*Free-text object descriptions:*
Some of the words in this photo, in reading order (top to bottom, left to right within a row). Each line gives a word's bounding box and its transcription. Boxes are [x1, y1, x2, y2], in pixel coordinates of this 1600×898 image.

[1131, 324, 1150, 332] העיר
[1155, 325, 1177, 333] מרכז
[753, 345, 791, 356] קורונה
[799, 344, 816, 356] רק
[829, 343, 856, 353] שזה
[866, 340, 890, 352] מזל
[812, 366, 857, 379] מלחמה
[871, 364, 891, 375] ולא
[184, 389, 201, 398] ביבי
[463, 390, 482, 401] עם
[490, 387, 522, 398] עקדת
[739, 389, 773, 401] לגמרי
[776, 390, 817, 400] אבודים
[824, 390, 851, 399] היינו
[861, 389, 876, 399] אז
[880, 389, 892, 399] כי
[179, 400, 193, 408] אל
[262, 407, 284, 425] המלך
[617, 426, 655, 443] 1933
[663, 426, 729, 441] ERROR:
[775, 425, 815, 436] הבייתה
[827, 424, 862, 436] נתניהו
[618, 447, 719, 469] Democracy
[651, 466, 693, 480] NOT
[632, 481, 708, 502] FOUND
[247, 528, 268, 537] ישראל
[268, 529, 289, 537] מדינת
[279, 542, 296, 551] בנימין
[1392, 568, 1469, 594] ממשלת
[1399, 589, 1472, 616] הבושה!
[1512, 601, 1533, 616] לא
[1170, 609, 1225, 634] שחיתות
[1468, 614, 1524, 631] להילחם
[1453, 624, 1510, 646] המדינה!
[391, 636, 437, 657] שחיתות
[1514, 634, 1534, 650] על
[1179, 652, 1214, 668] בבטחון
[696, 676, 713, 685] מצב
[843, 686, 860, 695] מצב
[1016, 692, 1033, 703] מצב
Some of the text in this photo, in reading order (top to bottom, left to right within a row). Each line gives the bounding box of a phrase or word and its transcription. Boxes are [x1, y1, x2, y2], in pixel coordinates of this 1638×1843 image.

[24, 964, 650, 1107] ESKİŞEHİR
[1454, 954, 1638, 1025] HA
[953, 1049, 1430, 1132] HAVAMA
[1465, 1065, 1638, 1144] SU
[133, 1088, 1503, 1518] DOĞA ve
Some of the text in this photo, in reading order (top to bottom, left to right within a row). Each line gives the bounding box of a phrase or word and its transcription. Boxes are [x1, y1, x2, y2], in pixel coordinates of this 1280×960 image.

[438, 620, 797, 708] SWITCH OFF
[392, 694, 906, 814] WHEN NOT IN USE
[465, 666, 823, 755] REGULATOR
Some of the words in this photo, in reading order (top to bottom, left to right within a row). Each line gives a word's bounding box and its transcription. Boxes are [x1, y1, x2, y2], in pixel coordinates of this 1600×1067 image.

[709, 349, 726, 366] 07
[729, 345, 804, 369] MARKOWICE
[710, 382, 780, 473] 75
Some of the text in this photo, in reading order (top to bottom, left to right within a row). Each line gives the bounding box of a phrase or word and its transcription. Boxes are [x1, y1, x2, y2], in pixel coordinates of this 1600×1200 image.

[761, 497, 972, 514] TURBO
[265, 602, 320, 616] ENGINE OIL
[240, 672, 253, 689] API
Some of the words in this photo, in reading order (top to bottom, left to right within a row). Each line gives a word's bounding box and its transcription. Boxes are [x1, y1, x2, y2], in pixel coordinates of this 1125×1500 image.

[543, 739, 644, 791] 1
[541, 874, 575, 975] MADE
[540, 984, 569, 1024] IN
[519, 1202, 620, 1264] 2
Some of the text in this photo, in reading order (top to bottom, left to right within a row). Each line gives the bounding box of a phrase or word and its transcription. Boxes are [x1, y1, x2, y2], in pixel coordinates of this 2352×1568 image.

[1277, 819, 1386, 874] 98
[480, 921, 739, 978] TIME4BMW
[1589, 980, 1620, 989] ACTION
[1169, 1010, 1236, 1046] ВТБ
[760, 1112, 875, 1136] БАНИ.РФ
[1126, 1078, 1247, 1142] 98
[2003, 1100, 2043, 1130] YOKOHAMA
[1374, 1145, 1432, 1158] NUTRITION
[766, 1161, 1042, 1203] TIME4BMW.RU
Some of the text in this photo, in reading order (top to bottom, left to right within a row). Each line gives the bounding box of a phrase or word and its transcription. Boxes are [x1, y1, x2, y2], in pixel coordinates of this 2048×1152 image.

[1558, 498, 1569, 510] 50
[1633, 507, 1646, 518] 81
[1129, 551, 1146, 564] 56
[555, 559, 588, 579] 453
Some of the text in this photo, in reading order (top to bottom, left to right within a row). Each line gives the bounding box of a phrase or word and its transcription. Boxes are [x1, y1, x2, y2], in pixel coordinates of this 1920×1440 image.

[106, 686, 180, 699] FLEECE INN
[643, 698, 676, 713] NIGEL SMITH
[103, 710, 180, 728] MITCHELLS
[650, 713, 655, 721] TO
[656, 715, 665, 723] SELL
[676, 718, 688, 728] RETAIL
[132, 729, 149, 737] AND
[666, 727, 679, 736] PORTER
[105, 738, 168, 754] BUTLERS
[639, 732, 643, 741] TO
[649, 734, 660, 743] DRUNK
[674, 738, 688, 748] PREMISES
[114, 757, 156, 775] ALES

*Task requirements:*
What must be transcribed is the run of lines from the one containing "this 2352×1568 image." to the last line of the data above, inclusive, and only that.

*Written solution:*
Some of the text in this photo, in reading order (top to bottom, left to right within a row). Each line gives the bounding box of a phrase or word and its transcription. Boxes are [x1, y1, x2, y2], in pixel coordinates of this 2352×1568 image.

[1277, 819, 1386, 874] 98
[480, 921, 739, 978] TIME4BMW
[1589, 980, 1620, 989] ACTION
[1169, 1010, 1236, 1046] ВТБ
[760, 1112, 875, 1136] БАНИ.РФ
[1126, 1078, 1247, 1142] 98
[2003, 1100, 2043, 1130] YOKOHAMA
[1374, 1145, 1432, 1158] NUTRITION
[766, 1161, 1042, 1203] TIME4BMW.RU
Some of the text in this photo, in reading order (top to bottom, left to right within a row). Each line gives the bounding box of a phrase or word and its transcription. Boxes are [x1, y1, x2, y2], in pixel coordinates of this 2048×1152 image.

[1558, 498, 1569, 510] 50
[1633, 507, 1646, 518] 81
[1129, 551, 1146, 564] 56
[555, 559, 588, 579] 453
Some of the text in this photo, in reading order (top to bottom, left to right within a row). Each line gives the bounding box of a phrase or word and its transcription. Boxes are [x1, y1, x2, y2], in pixel coordinates of this 1920×1440 image.

[106, 686, 180, 699] FLEECE INN
[643, 698, 676, 713] NIGEL SMITH
[103, 710, 180, 728] MITCHELLS
[650, 713, 655, 721] TO
[656, 715, 665, 723] SELL
[676, 718, 688, 728] RETAIL
[132, 729, 149, 737] AND
[666, 727, 679, 736] PORTER
[105, 738, 168, 754] BUTLERS
[639, 732, 643, 741] TO
[649, 734, 660, 743] DRUNK
[674, 738, 688, 748] PREMISES
[114, 757, 156, 775] ALES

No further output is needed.